4. Complete the Image Processing operations, Blur and EdgeDetect

   Image processing operations use the current pixel and its neighboring pixels to calculate its new color value. In these operations, you must make a copy of the original image from which to gather your neighborhoods so that the effects do not cascade as you compute a new value for each pixel. For example, the diagrams below represent part of a grey scale image: a 3-neighborhood and a 5-neighborhood of the middle pixel whose grey-scale value is 28. You do not need to worry about neighborhoods with an even width or height.

   

   Suppose we wanted to write an image processing operation to replace the middle pixel's color by the median of the values in its neighborhood. The nine values in the 3-neighborhood are (10 10 12 25 25 28 28 32 32).
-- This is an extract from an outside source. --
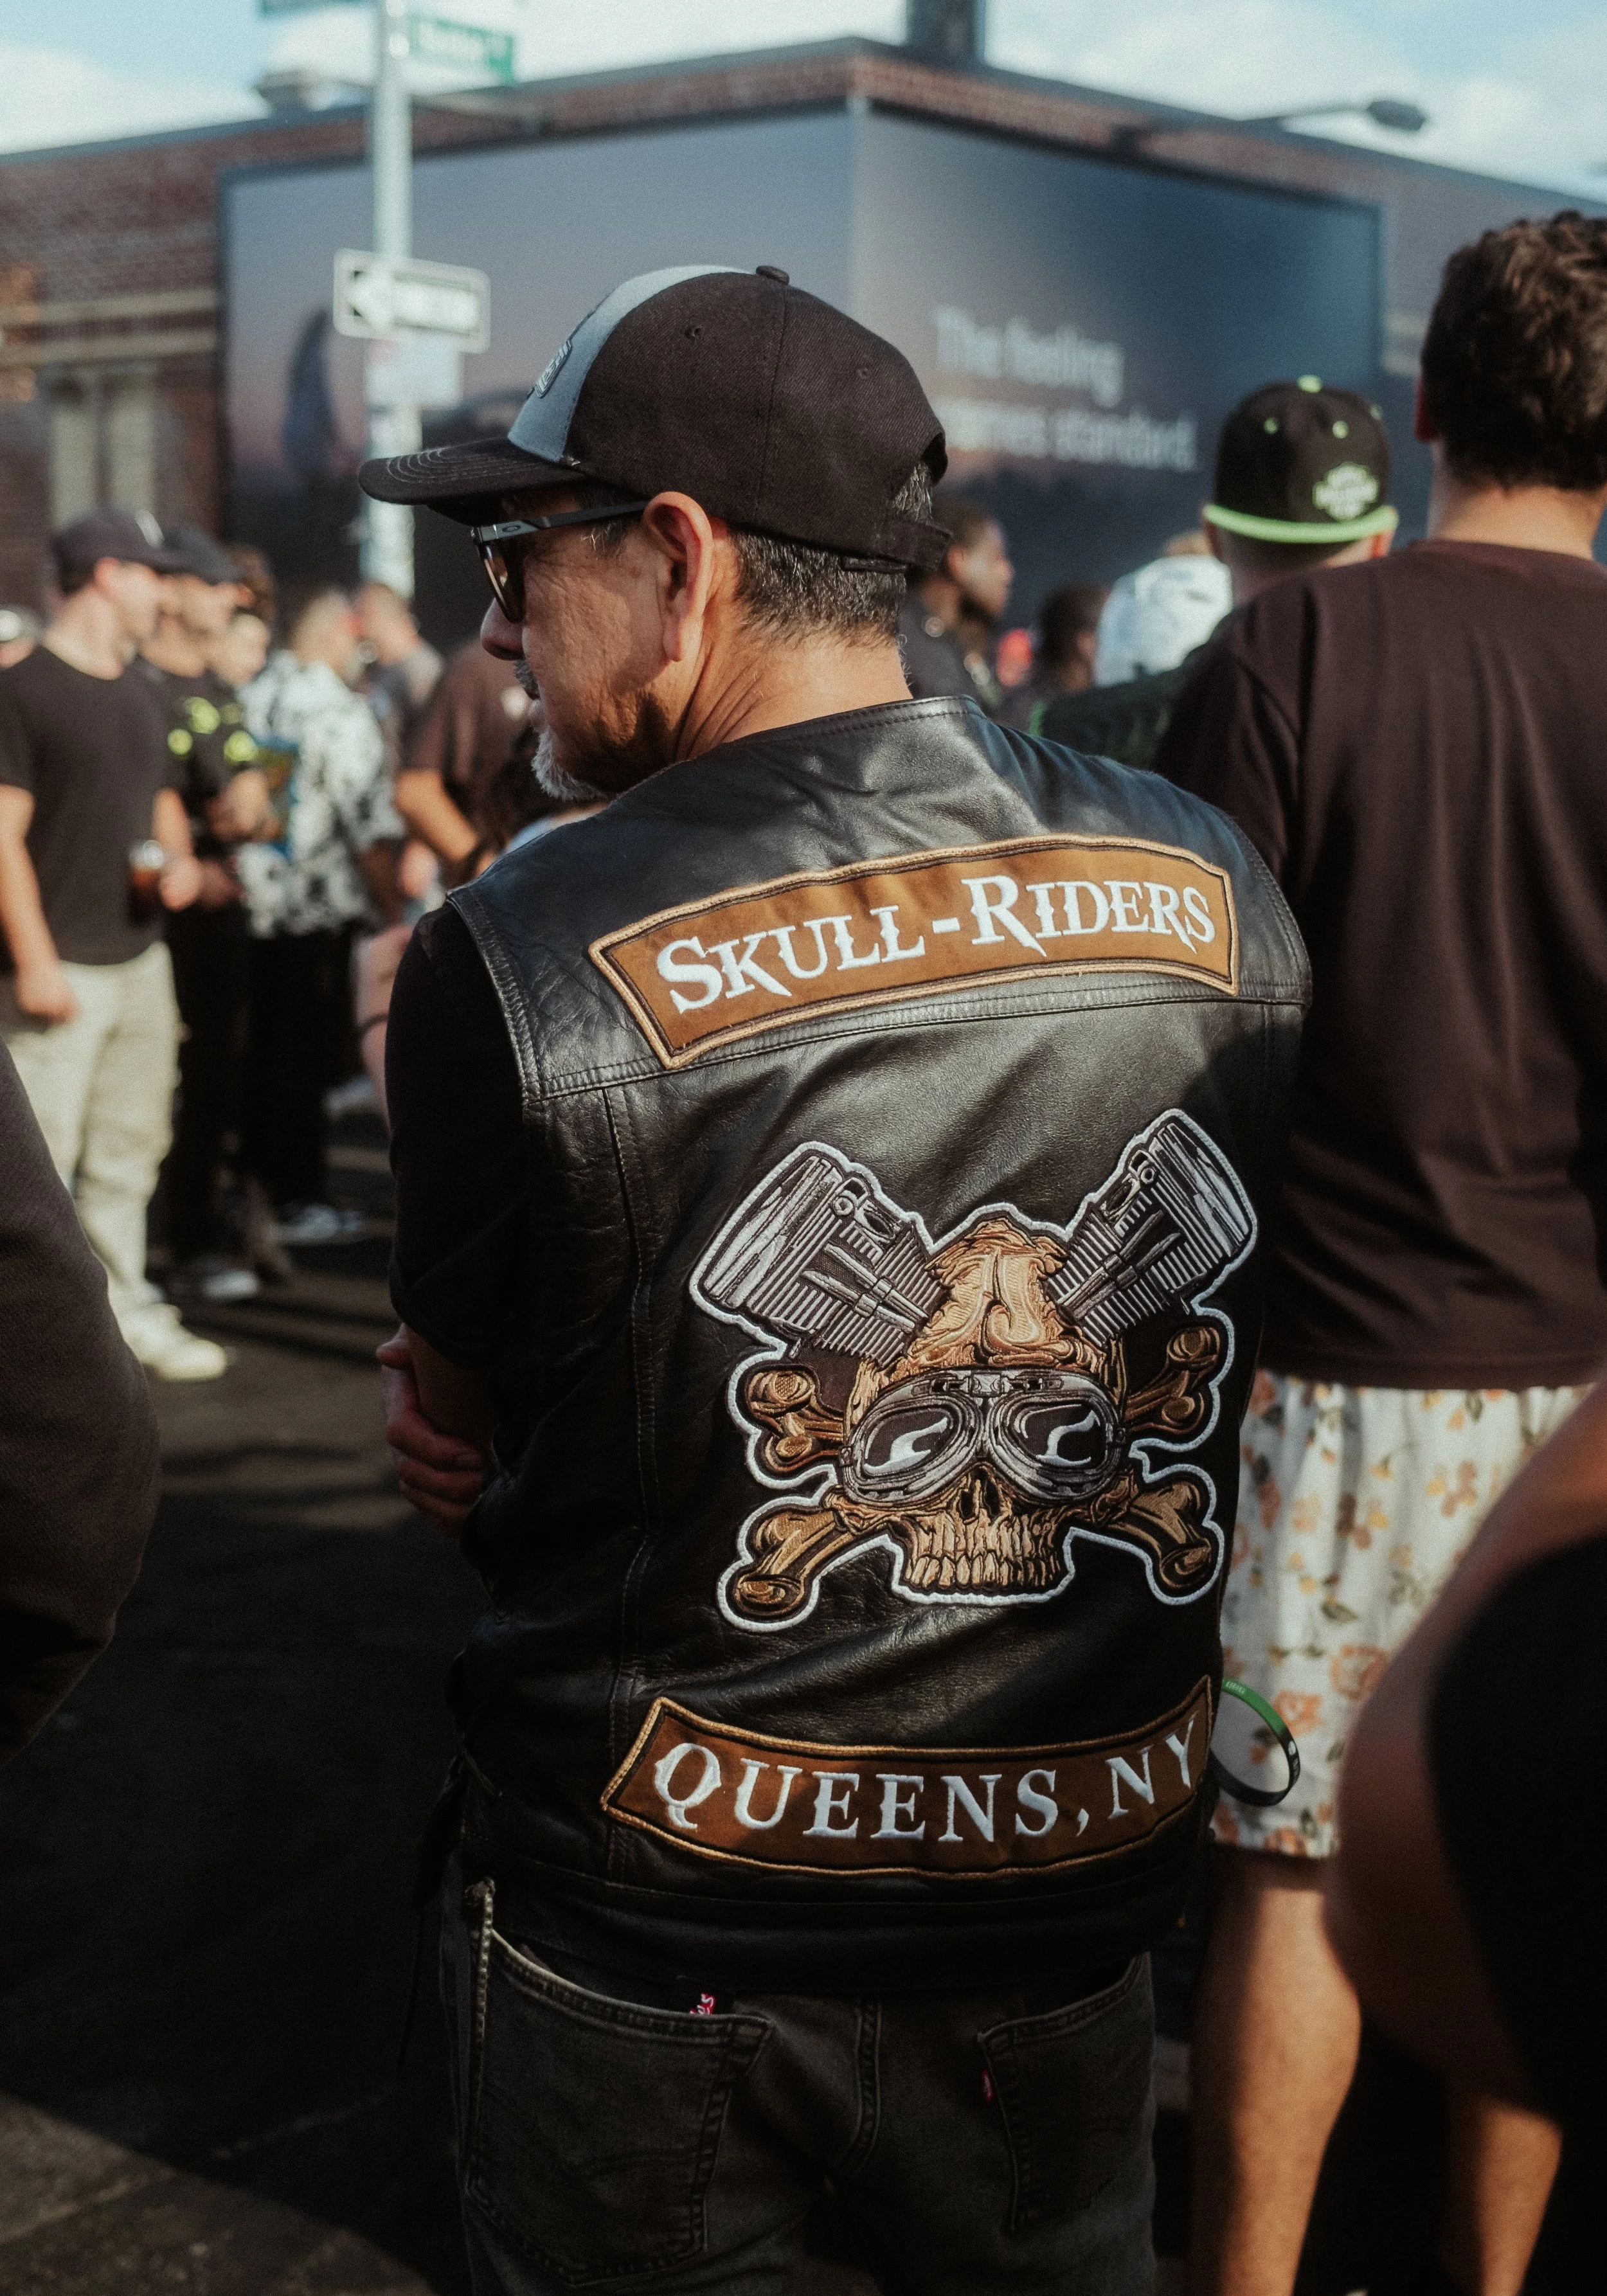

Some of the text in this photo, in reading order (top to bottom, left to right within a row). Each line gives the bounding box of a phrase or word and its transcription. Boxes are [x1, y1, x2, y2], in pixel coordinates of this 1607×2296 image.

[937, 307, 1002, 378] The
[654, 1710, 1199, 1842] QUEENS, NY
The median, or middle, value is 25 --- there are four values above 25 and four values below 25. The values in the 5-neighborhood are (10 10 10 10 10 10 12 12 12 18 18 18 25 25 25 25 25 25 32 32 32 32 32 32 32), and again the median value is 25 because there are 12 values above and 12 values below 25. The easiest way to find the median of a list of values is to sort them and take the middle element.

   Applying a 3 x 3 median-filter to the image on the left below results in the image on the right (these images look better on the screen than they do on paper).

   What happens at the edges, though? The source pixel will not have neighbors on at least one side, so it will not have a "complete" neighborhood. Rather than dealing with this problem, you can just leave all the edge pixels values unmodified.

   1. Complete the execute method of class Blur

      The color of a pixel is calculated by sampling the neighboring elements in the pixmap and taking the the average, not the median as shown in the example above. Applying this operation should give your image a soft, slightly impressionist feel. 

   2. Complete the execute method of class EdgeDetect

      The color of a pixel is determined by scaling the pixel values to use the largest values possible. If max and min are the maximum and minimum color values in the neighborhood, the scaled value of a pixel should be calculated as follows:

      newColorValue = (oldColorValue - min) * maxPossiblePixelValue / (max - min)

      Applying this operation adds contrast to an image, especially around the edges within the image.

Make sure you note in your README file any extra credit you attempt.

• (3 points) See the extra credit above on Expand, doing the expansion in place.
• (2 points) Create a superclass, such that MirrorHorizontally and MirrorVertically are subclasses and that they contain no duplicated code. Instead everything in common has been factored out into the superclass you create.
• (2 points) Create a superclass, such that Blur and EdgeDetect are subclasses and that they contain no duplicated code. Instead everything in common has been factored out into the superclass you create.
• (1 point) Create an interesting image effect not described above. It can be something you read about on the web, a buggy version of one of the effects you were supposed to write that is interesting in its own way, or something you just made up.
• (1 point) Create an interesting image to submit. You can use whatever combination of operations above you like. It should be called image.gif or some other appropriate . extension.

Submit your project as 01_pixmap, using the Ambient menu within Eclipse. Always be sure to submit all java files, even if you did not modify them. You must also submit a README too according to the directions given on the assignment page.